A newly found vulnerability in GraphQL query language for application programming interfaces has been found to expose a leading business-to-business financial technology company.

While the exposed company was not named, the GraphQL vulnerability was uncovered and detailed today by researchers at the API security firm Salt Security Inc. The vulnerability was identified by researching the mobile applications and SaaS platform of the unnamed fintech provider and is said to call attention to authorization-level flaws that can arise with nested queries in GraphQL.

The researchers found that a failure to implement authorization checks meant the researchers could submit unauthorized transactions against any customer account and harvest any customer’s sensitive data. In this case, the GraphQL authorization flaw allowed attackers to manipulate API calls to exfiltrate sensitive user data and initiate unauthorized transactions.

The financial technology platform also introduced an additional security gap, in which some API calls accessed an API endpoint that required no authentication. The researchers could enter any transaction identifier and pull back data records of previous financial transactions.

Across the two vulnerabilities, any user could extract sensitive personally identifiable information and transfer funds out of customers’ accounts without their knowledge.

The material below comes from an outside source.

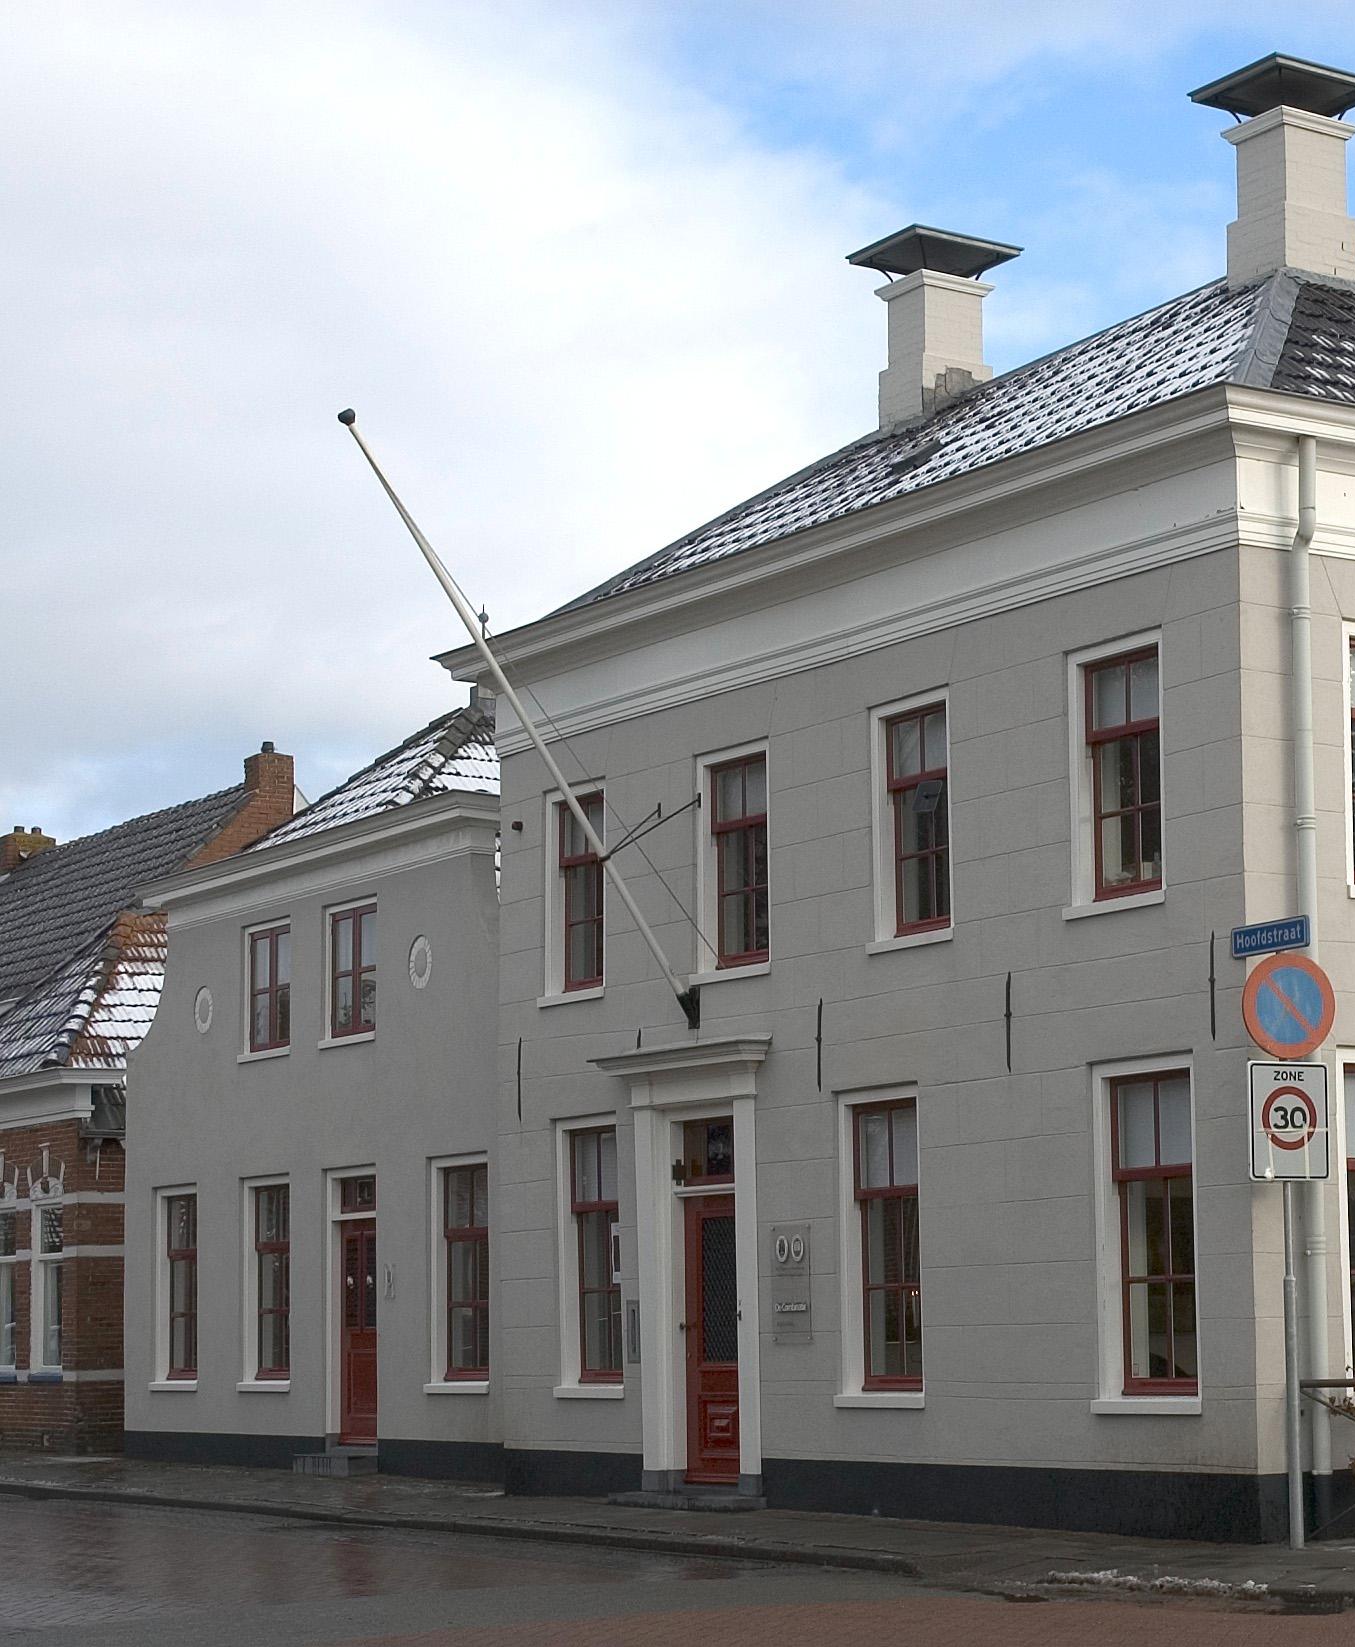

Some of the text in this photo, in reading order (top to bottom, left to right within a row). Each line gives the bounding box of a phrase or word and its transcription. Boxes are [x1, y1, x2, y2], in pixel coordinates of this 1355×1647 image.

The researchers note that flexibility and complexity increase the difficulty of securing GraphQL APIs. Machine assistance is said to be essential to analyze the large amounts of API telemetry data necessary to identify access control flaws and behavioral anomalies. API gateways and web application firewalls cannot protect against these attack vectors and developers cannot identify all issues without the APIs being exercised in runtime.

“GraphQL provides some advantages in query options compared to REST APIs. With this flexibility, however, comes risk, since a single API call can include multiple separate queries,” Roey Eliyahu, co-founder and chief executive officer of Salt Security, said in a statement. “As GraphQL gains traction, our goal is to provide users with the intelligence, capabilities and support to develop more secure API environments.”